Dataset excerpts

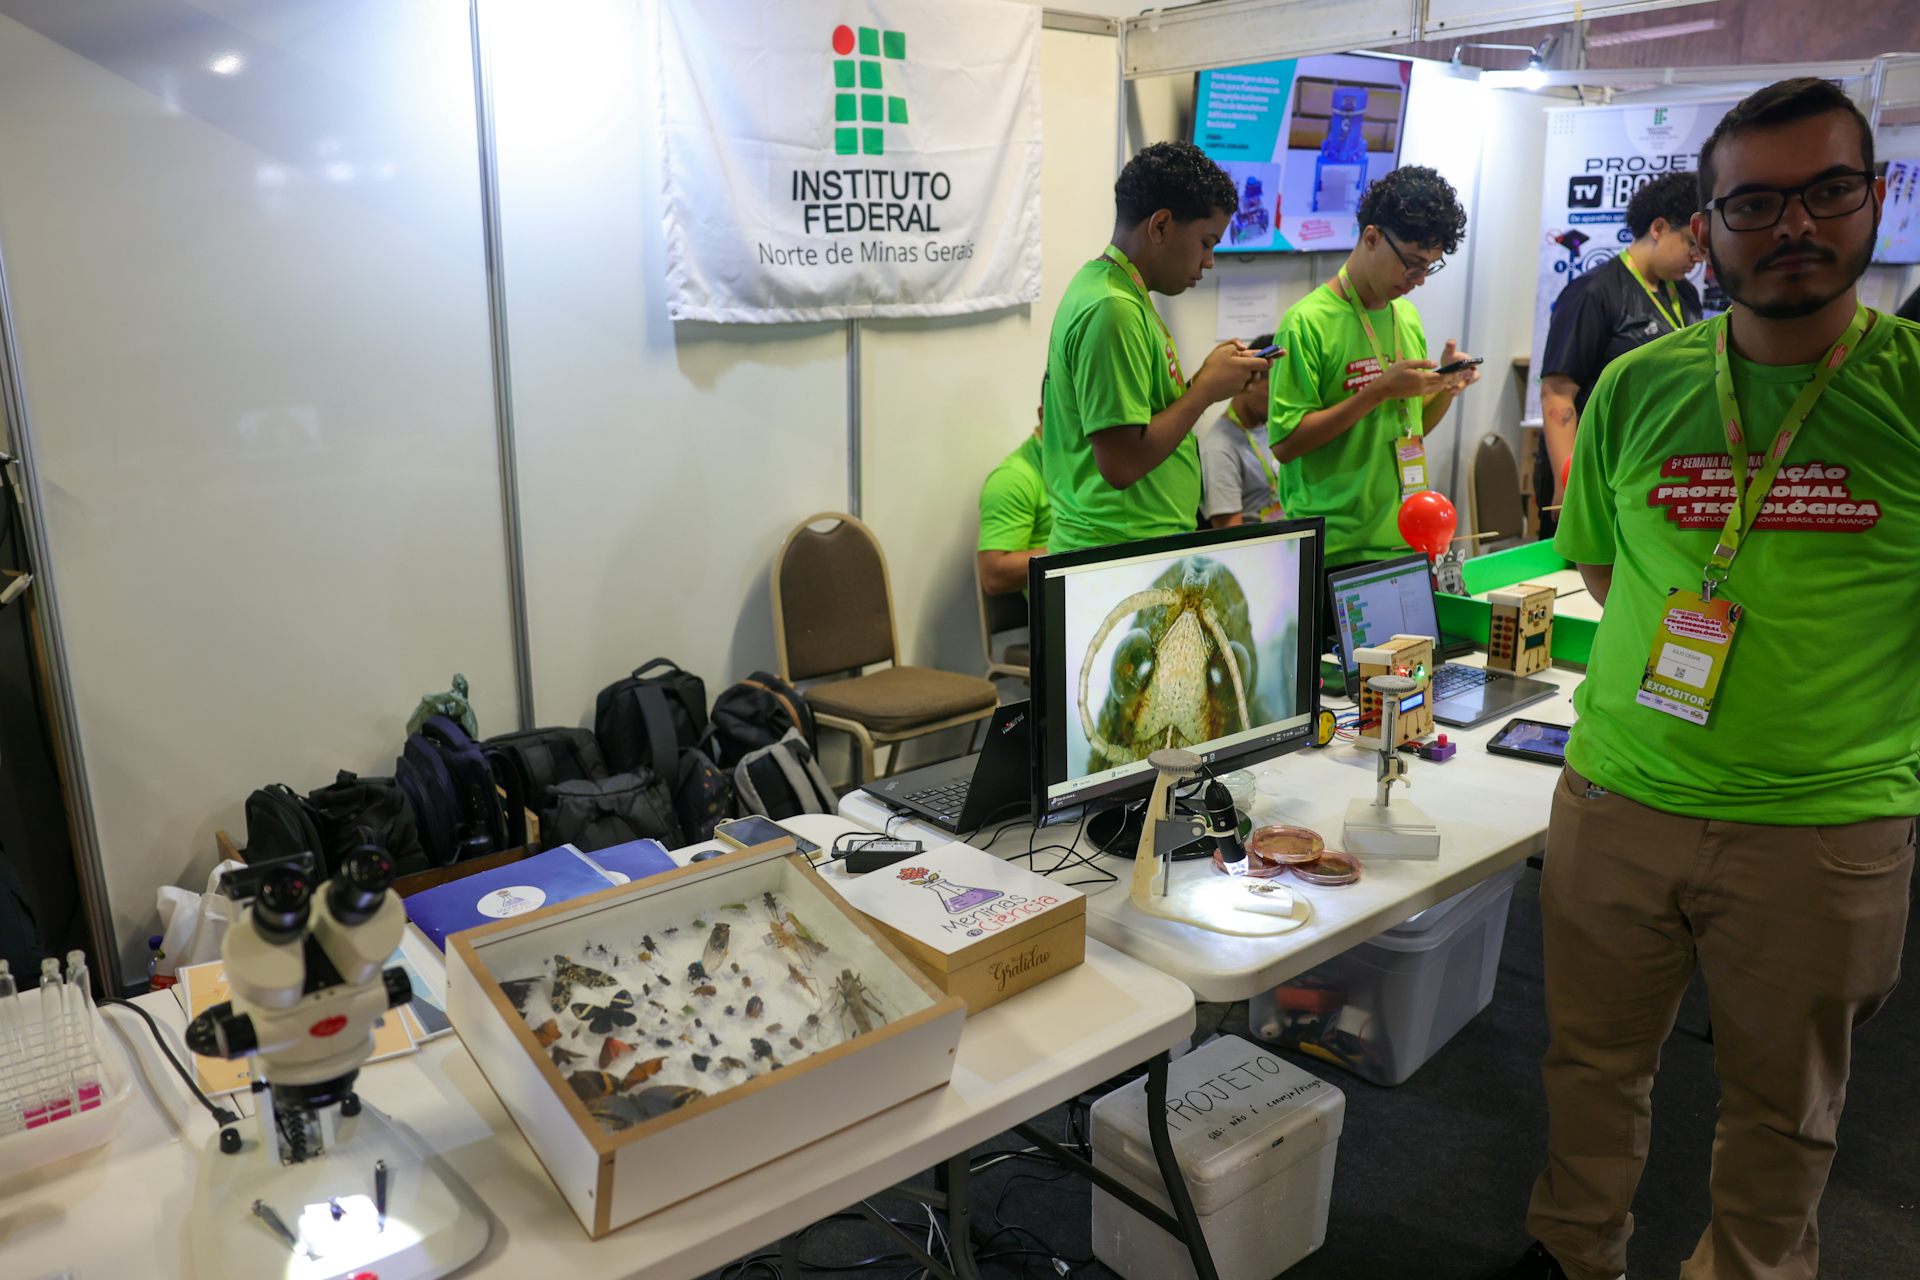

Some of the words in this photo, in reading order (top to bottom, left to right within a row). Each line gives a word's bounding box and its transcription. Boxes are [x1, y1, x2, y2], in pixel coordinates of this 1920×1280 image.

[1585, 154, 1699, 173] PROJET
[792, 169, 951, 201] INSTITUTO
[1573, 184, 1598, 200] TV
[1615, 174, 1659, 207] BO
[804, 203, 940, 234] FEDERAL
[758, 242, 818, 266] Norte
[826, 242, 853, 265] de
[860, 241, 918, 264] Minas
[924, 239, 974, 262] Gerais
[1682, 456, 1719, 469] SEMANA
[1701, 464, 1846, 483] EDAÇÃO
[1657, 485, 1847, 499] PROFISONAL
[1691, 499, 1878, 517] TECOLÓGICA
[1786, 516, 1814, 524] BRASIL
[1838, 518, 1874, 526] AVANÇA
[1645, 680, 1706, 706] EXPOSITOR
[941, 894, 1028, 933] Meninas
[979, 896, 1058, 931] Ciência
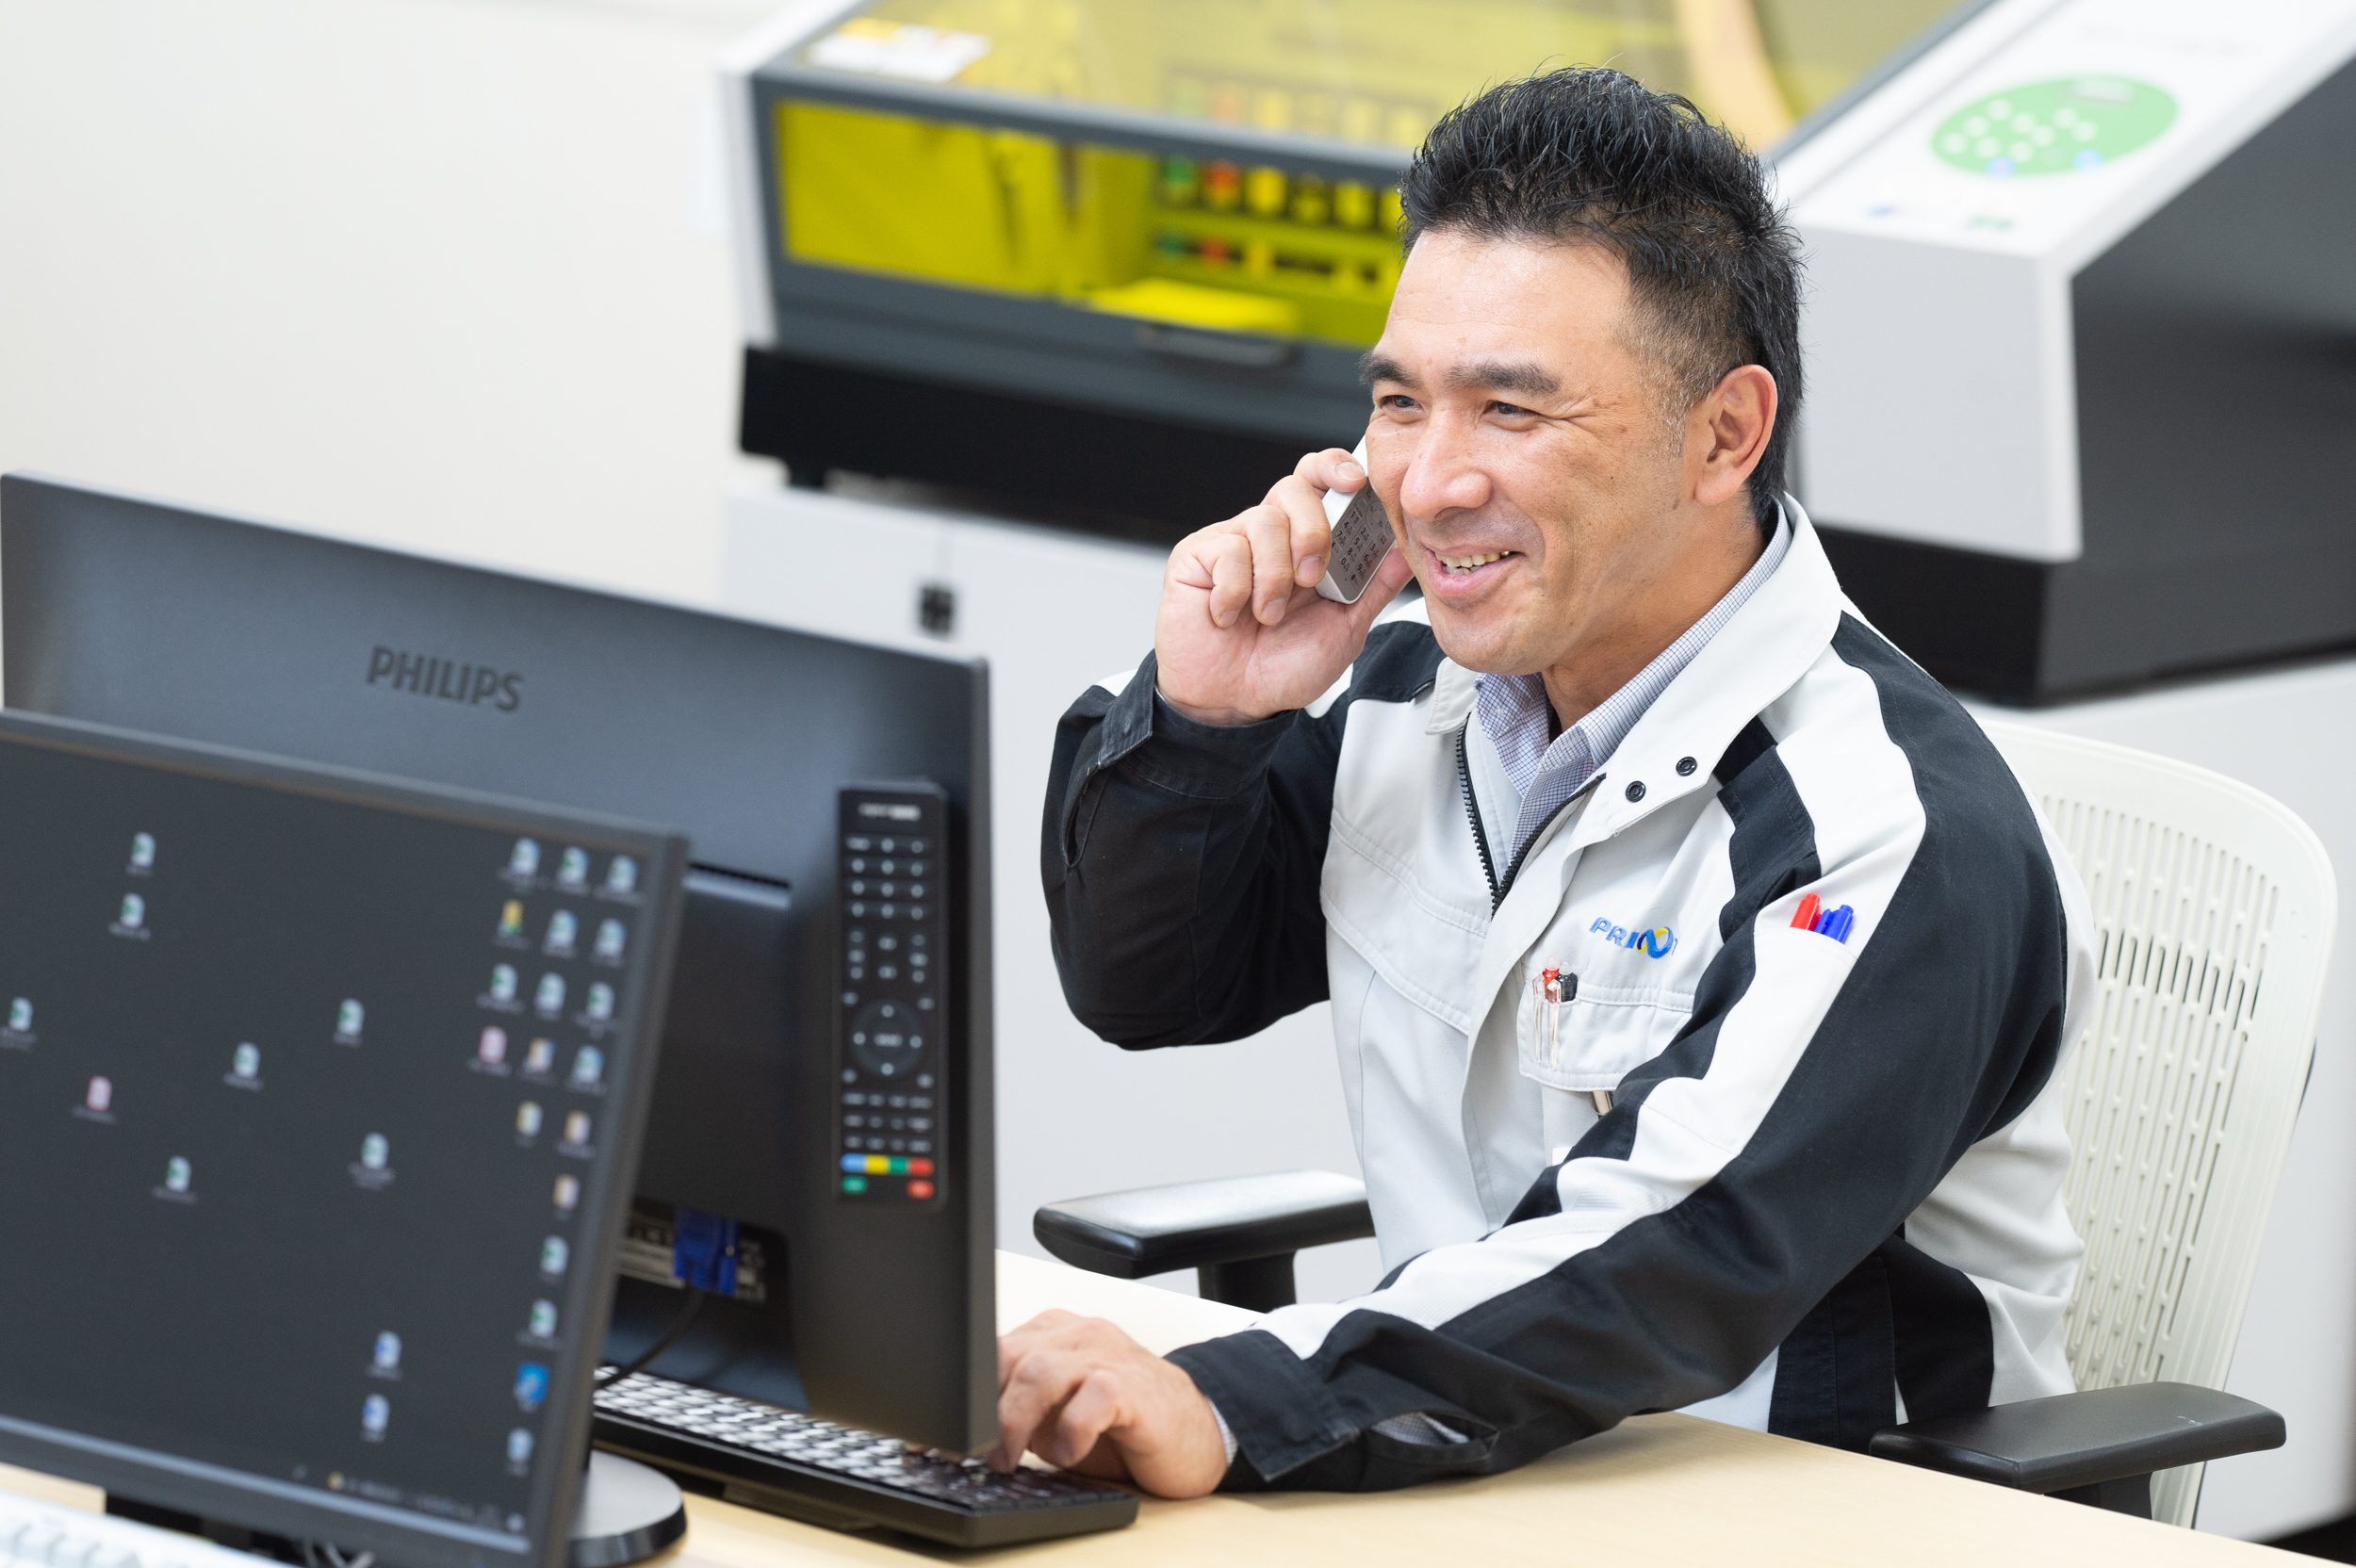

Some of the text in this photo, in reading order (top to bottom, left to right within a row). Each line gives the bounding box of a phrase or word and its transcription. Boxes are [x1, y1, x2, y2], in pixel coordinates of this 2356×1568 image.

[1336, 530, 1343, 538] 7
[1360, 527, 1366, 535] 2
[1353, 537, 1360, 546] 5
[1369, 543, 1376, 551] 3
[1347, 547, 1353, 556] 8
[1340, 557, 1347, 565] 0
[1363, 553, 1369, 562] 6
[1357, 563, 1363, 571] 9
[366, 644, 525, 713] PHILIPS

What is required
Transcribe each entry above exactly, apart from the pictures.

Answer for this exercise
Some of the words in this photo, in reading order (top to bottom, left to right within a row). Each line gives a word's bounding box and its transcription. Boxes are [x1, y1, x2, y2], in pixel coordinates of this 1920×1280 image.

[1585, 154, 1699, 173] PROJET
[792, 169, 951, 201] INSTITUTO
[1573, 184, 1598, 200] TV
[1615, 174, 1659, 207] BO
[804, 203, 940, 234] FEDERAL
[758, 242, 818, 266] Norte
[826, 242, 853, 265] de
[860, 241, 918, 264] Minas
[924, 239, 974, 262] Gerais
[1682, 456, 1719, 469] SEMANA
[1701, 464, 1846, 483] EDAÇÃO
[1657, 485, 1847, 499] PROFISONAL
[1691, 499, 1878, 517] TECOLÓGICA
[1786, 516, 1814, 524] BRASIL
[1838, 518, 1874, 526] AVANÇA
[1645, 680, 1706, 706] EXPOSITOR
[941, 894, 1028, 933] Meninas
[979, 896, 1058, 931] Ciência

Some of the text in this photo, in reading order (top to bottom, left to right within a row). Each line gives the bounding box of a phrase or word and its transcription. Boxes are [x1, y1, x2, y2], in pixel coordinates of this 2356×1568 image.

[1336, 530, 1343, 538] 7
[1360, 527, 1366, 535] 2
[1353, 537, 1360, 546] 5
[1369, 543, 1376, 551] 3
[1347, 547, 1353, 556] 8
[1340, 557, 1347, 565] 0
[1363, 553, 1369, 562] 6
[1357, 563, 1363, 571] 9
[366, 644, 525, 713] PHILIPS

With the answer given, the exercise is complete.